Supplied records START
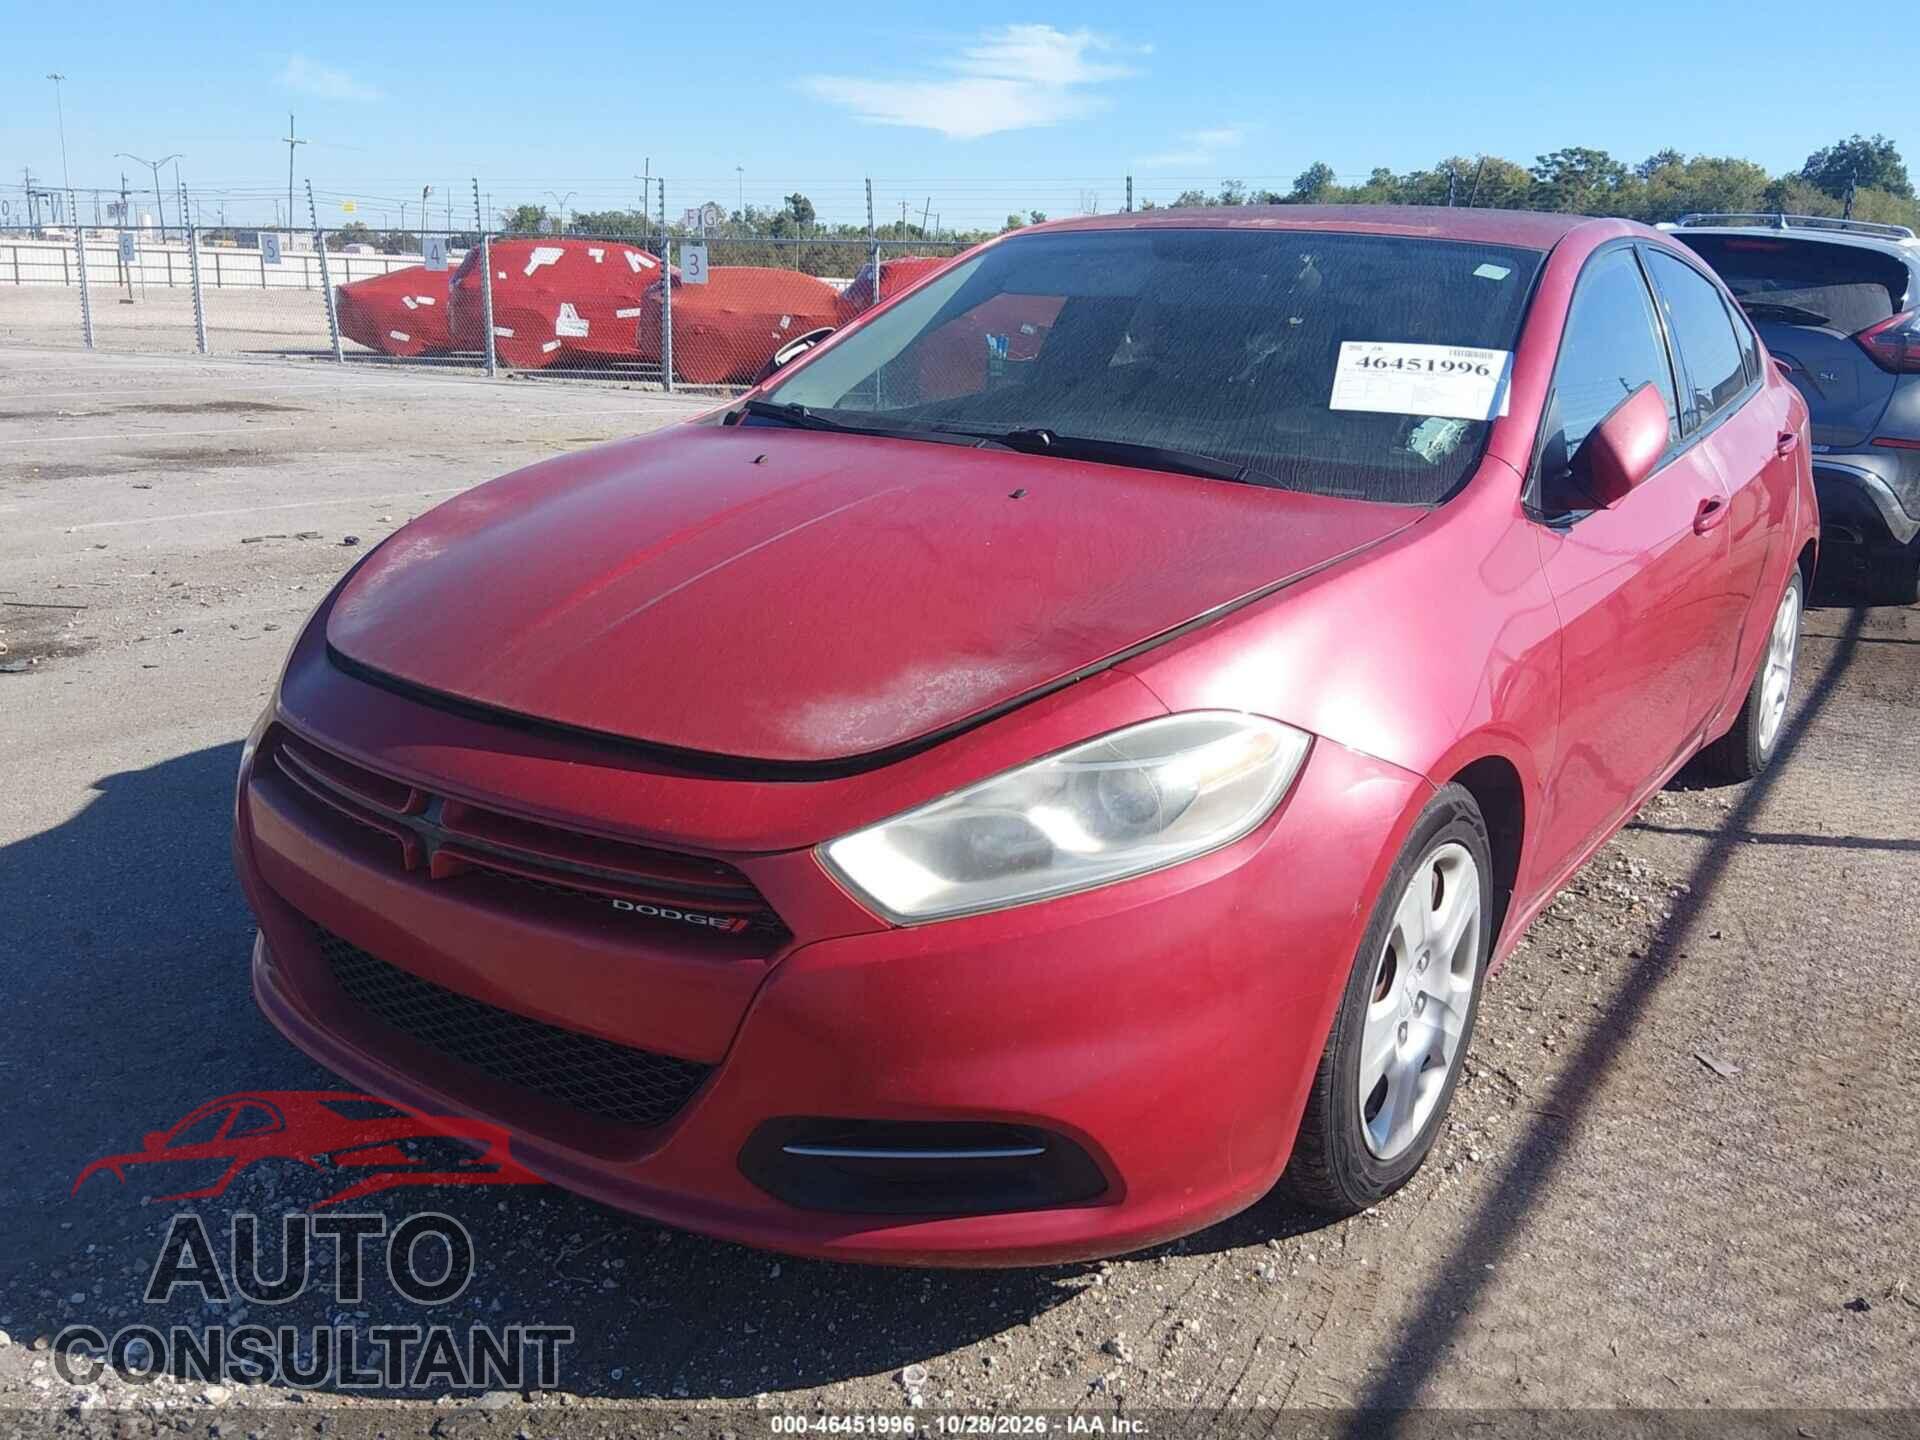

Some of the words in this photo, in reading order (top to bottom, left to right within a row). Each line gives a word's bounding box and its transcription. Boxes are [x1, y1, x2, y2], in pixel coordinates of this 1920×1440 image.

[431, 243, 440, 264] 4
[688, 253, 700, 276] 3
[1354, 355, 1491, 377] 46451996
[611, 898, 731, 929] DODGE
Supplied records END
_Your task_
Apart from the images, everything in the records must be repeated exactly.

_Exercise response_
Some of the words in this photo, in reading order (top to bottom, left to right within a row). Each line gives a word's bounding box and its transcription. Boxes are [x1, y1, x2, y2], in pixel coordinates of this 1920×1440 image.

[431, 243, 440, 264] 4
[688, 253, 700, 276] 3
[1354, 355, 1491, 377] 46451996
[611, 898, 731, 929] DODGE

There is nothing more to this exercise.